During the show in Menominee, I went downstairs to the check-out desk. All the librarians had their hands over their ears, or shouting at each other to be heard. I asked them how many of these concerts could they stand each year. One of the youth services librarians, a balding man with a mustache, didn't even try to talk over the noise. He just held up his hand with his index finger to his thumb. Zero, he mouthed.

[MUSIC PLAYING]

[APPLAUSE]

Ira Glass

Alex Blumberg is one of the producers of our program. The High Strung are on the internet at www.thehighstrung.com. It's been a year since Alex did that story. And this summer, The High Strung have expanded to a nationwide library tour: 60 libraries, 42 states.

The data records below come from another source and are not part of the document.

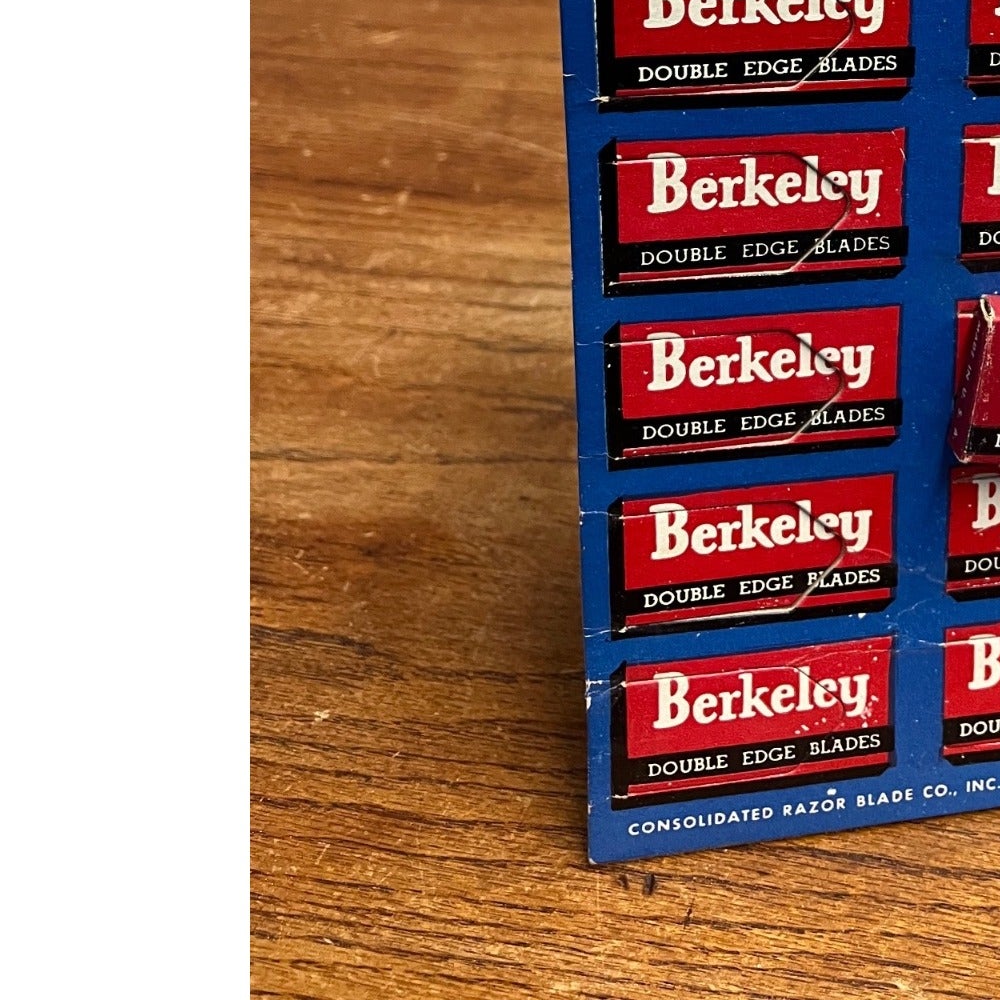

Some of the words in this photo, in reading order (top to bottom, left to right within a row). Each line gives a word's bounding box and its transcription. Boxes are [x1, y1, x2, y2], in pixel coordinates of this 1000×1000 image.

[638, 62, 728, 83] DOUBLE
[743, 58, 803, 77] EDGE
[818, 55, 898, 74] BLADES
[647, 152, 883, 215] Berkeley
[641, 245, 727, 266] DOUBLE
[742, 240, 799, 259] EDGE
[815, 236, 891, 255] BLADES
[647, 332, 875, 391] Berkeley
[642, 419, 726, 440] DOUBLE
[741, 412, 796, 431] EDGE
[811, 407, 886, 426] BLADES
[649, 500, 873, 560] Berkeley
[643, 584, 725, 608] DOUBLE
[739, 575, 793, 596] EDGE
[807, 569, 881, 588] BLADES
[652, 666, 870, 729] Berkeley
[648, 754, 728, 777] DOUBLE
[742, 745, 796, 766] EDGE
[810, 734, 881, 756] BLADES
[628, 806, 774, 836] CONSOLIDATED
[782, 798, 846, 816] RAZOR
[856, 788, 914, 807] BLADE
[922, 784, 958, 798] CO.,
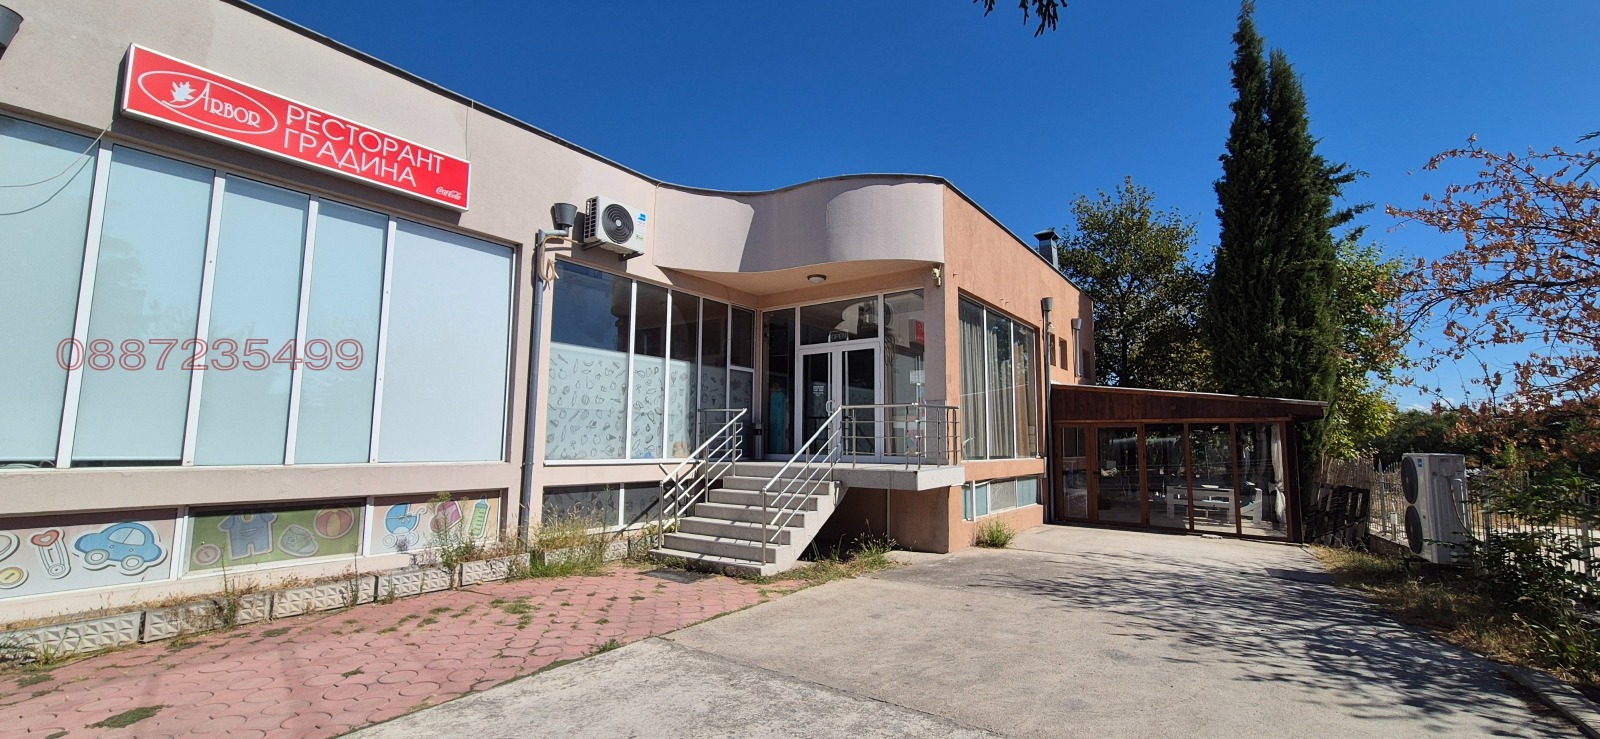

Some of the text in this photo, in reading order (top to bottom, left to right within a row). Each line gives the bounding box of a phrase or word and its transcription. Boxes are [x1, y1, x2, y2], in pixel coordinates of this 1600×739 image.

[163, 82, 261, 128] ARBOR
[284, 128, 416, 187] ГРАДИНА
[286, 105, 444, 174] РЕСТОРАНТ
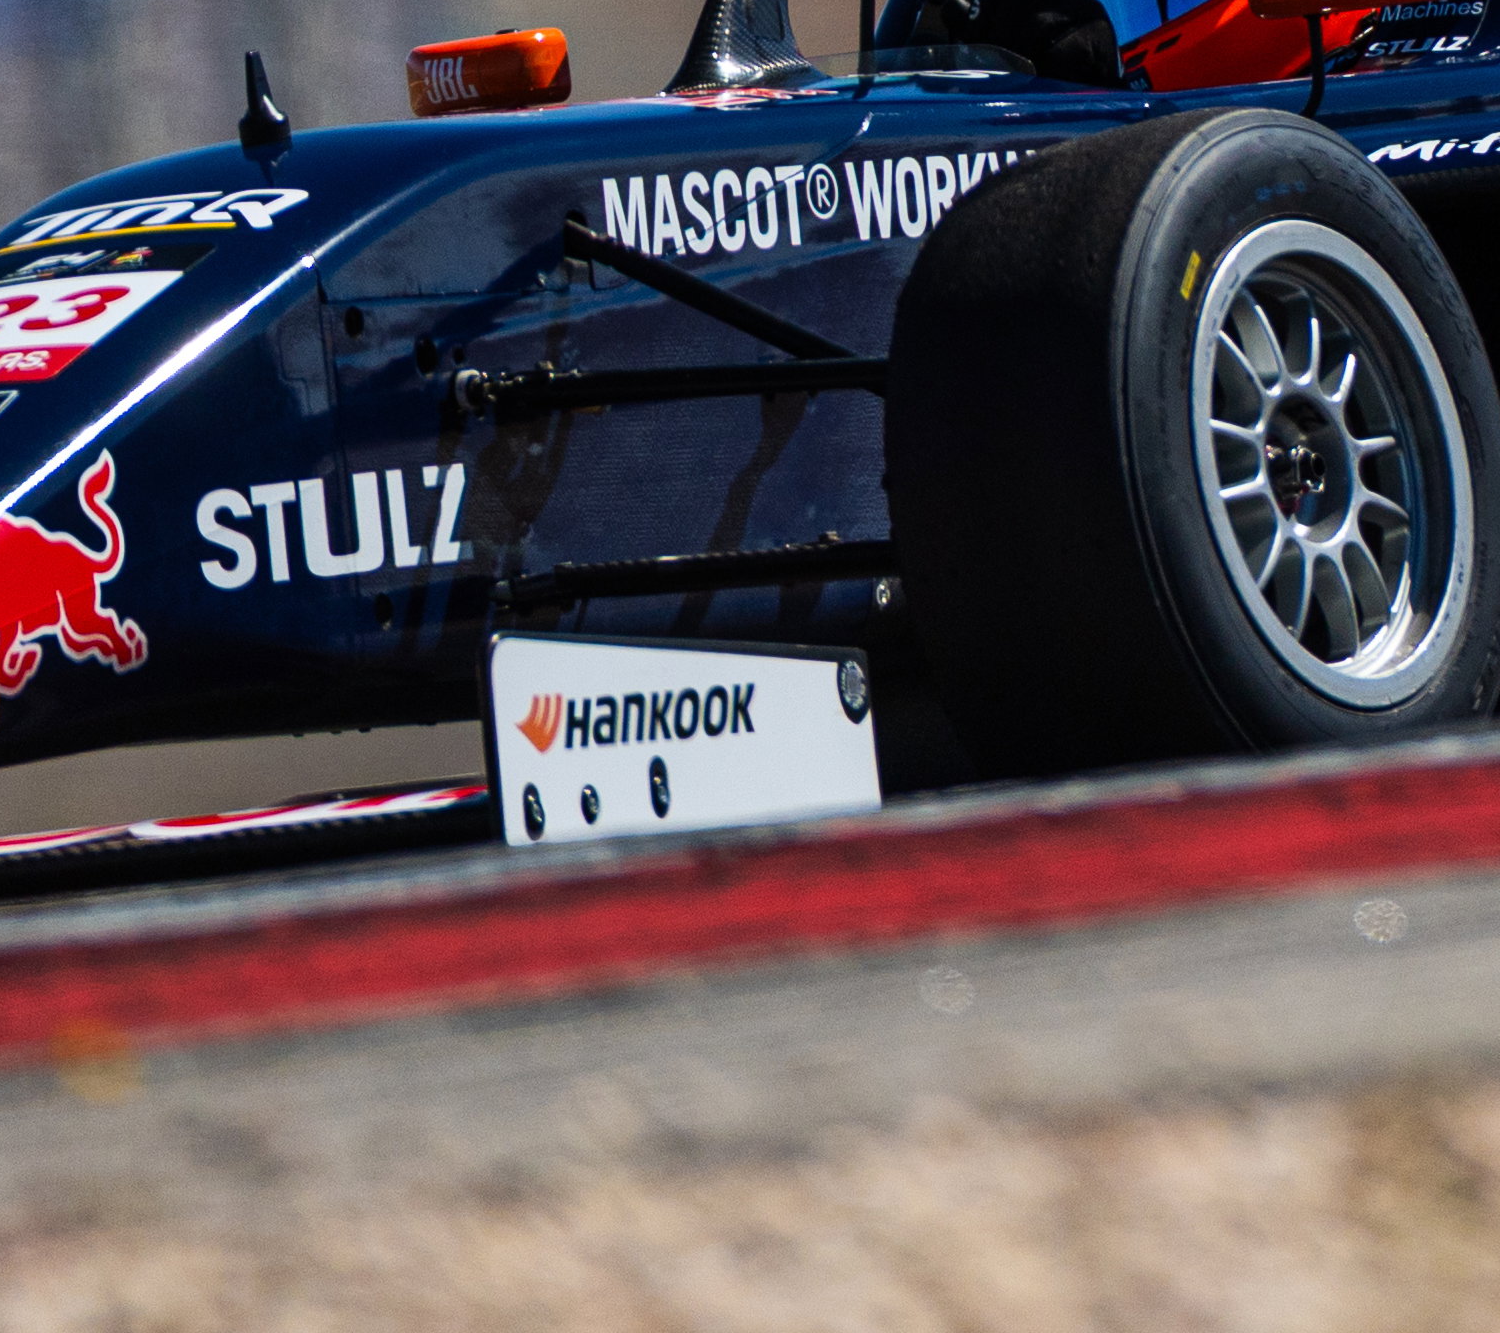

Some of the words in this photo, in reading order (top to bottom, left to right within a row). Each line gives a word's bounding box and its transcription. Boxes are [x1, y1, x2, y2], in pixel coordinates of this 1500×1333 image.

[1381, 0, 1484, 22] Machines
[1364, 35, 1470, 58] STULZ
[424, 56, 480, 104] JBL
[8, 188, 309, 245] TinQ
[196, 462, 474, 591] STULZ

[MUSIC - "SHUT UP IN THE LIBRARY" BY BARRY LOUIS POLISAR]

Coming up, Jonathan Goldstein and his own father. Quien es mas macho? That's in a minute, from Chicago Public Radio and Public Radio International, when our program continues.

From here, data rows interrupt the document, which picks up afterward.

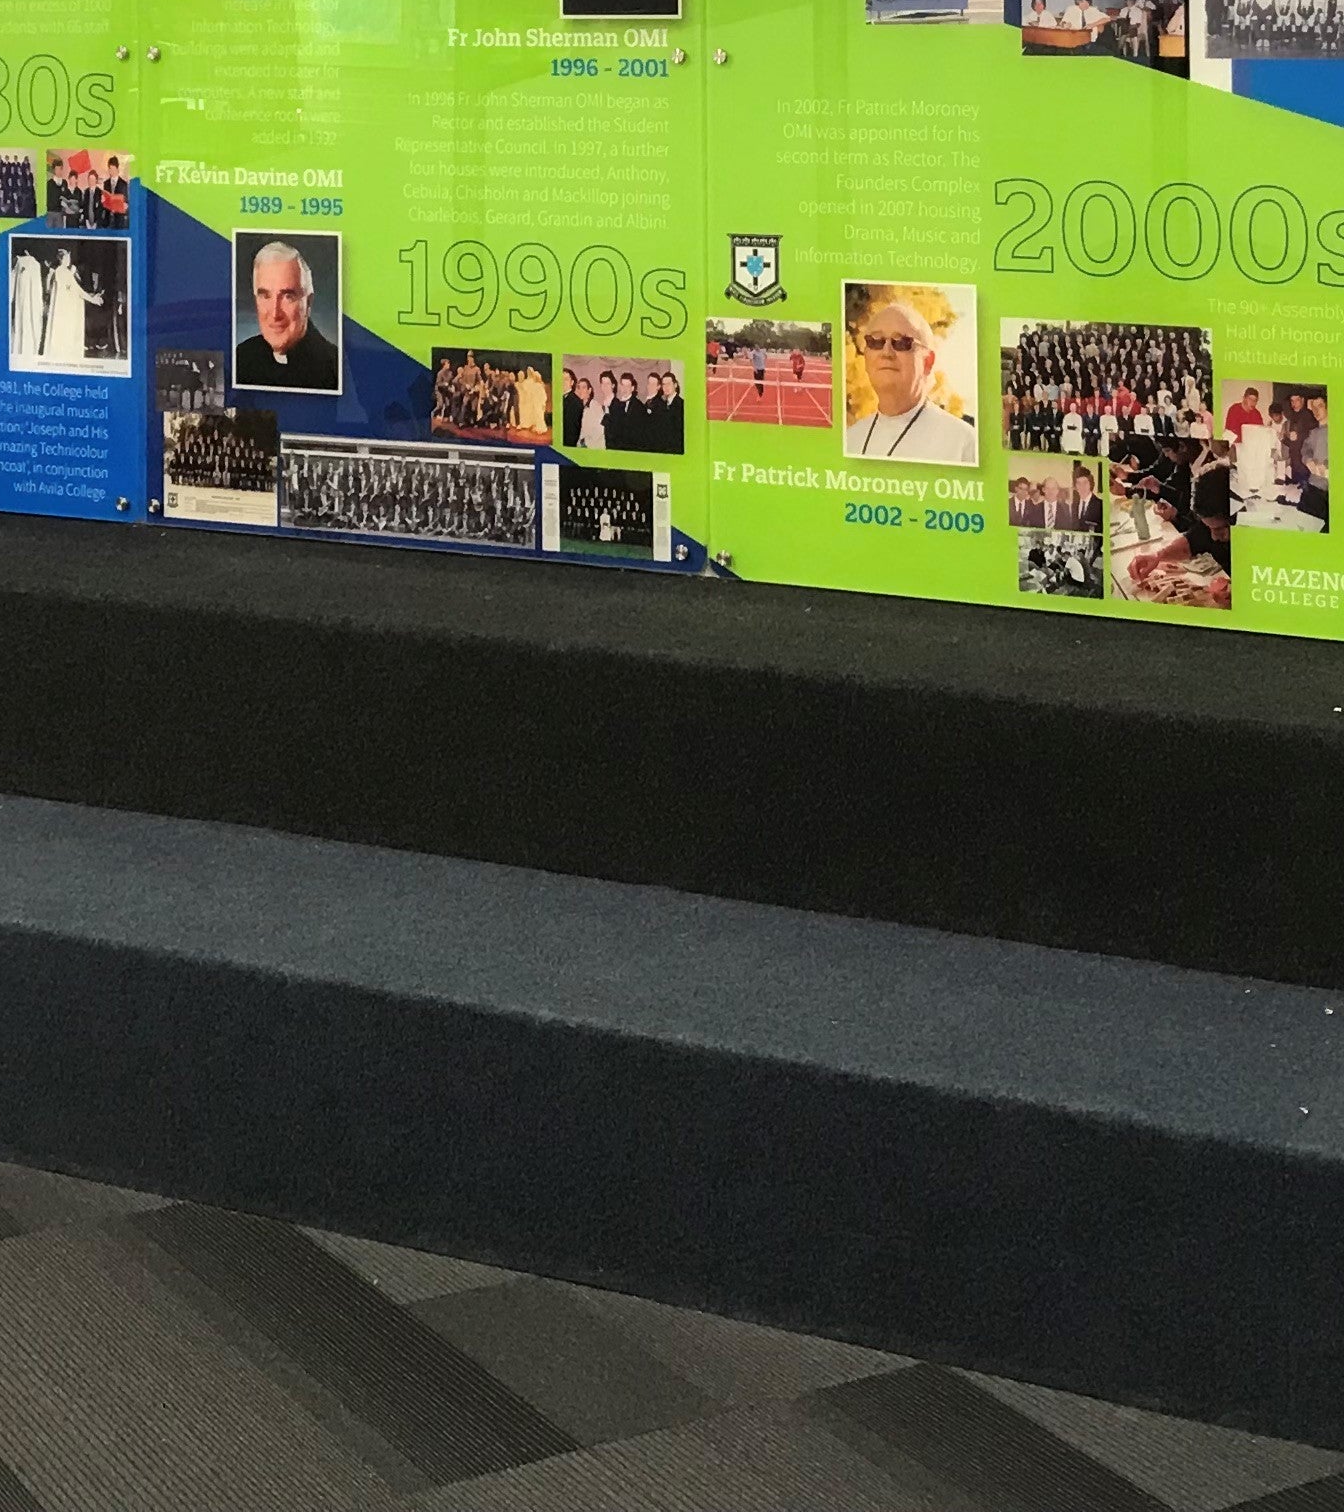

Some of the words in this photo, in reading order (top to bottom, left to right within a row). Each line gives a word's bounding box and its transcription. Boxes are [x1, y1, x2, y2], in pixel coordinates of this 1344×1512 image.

[447, 28, 468, 46] Fr
[472, 28, 521, 47] John
[525, 28, 619, 47] Sherman
[623, 28, 668, 47] OMI
[550, 58, 598, 76] 1996
[618, 58, 668, 77] 2001
[155, 166, 177, 183] Fr
[178, 166, 230, 185] Kevin
[233, 168, 299, 187] Davine
[303, 170, 343, 188] OMI
[239, 196, 282, 214] 1989
[300, 197, 343, 216] 1995
[397, 240, 688, 339] 1990s
[23, 381, 41, 395] the
[42, 383, 82, 401] College
[84, 385, 108, 399] held
[15, 403, 64, 418] inaugural
[66, 405, 108, 419] musical
[68, 425, 89, 438] and
[91, 426, 108, 439] His
[39, 442, 108, 458] Technicolour
[32, 461, 42, 473] in
[44, 464, 108, 479] conjunction
[13, 480, 36, 493] with
[38, 481, 64, 496] Avila
[65, 483, 106, 502] College
[713, 461, 736, 481] Fr
[741, 463, 820, 487] Patrick
[824, 470, 928, 499] Moroney
[934, 478, 984, 501] OMI
[845, 503, 902, 526] 2002
[924, 509, 984, 533] 2009
[1251, 588, 1339, 608] COLLEGE

Act Two. Goldstein On Goldstein.

Ira Glass

It's This American Life. I'm Ira Glass. Each week on our program, of course, we choose some theme, bring you a variety of different kinds of stories on that theme. Today's program, Image Makers, stories of people and institutions who are worried what the world thinks of them, and who take action, decisive action. In this half of the show, we have a son who wants to know what his father makes of him, and a father who needs a little image boost with his own son. Let's move on to Act Two of our program.

Act Two, Goldstein On Goldstein. This second story's a subject that perhaps we don't get enough of here on the public radio: manliness. I find that even the men I know who you think would be least concerned with manliness are still completely concerned with it.

I have this friend, Michael, who is constantly talking about what is manly and what is not manly. If you do something that he thinks is impressive, the way that he tells you that he thinks it's impressive is he says to you, very manly. He says it all the time. And he's gay. He's a gay. It's almost like being a gay has made him more obsessed with manliness than any of my straight friends. If you're a man, I think it just comes with the territory.

Jonathan Goldstein's been thinking about his own manliness lately. He has this story.

Jonathan Goldstein

I've always assumed that my father, Buzz Goldstein, has never seen me as an especially manly guy. As a kid, I did not play sports. I had no interest in tools, and I did not dream of muscle cars. My father, though, was an old-school manly man.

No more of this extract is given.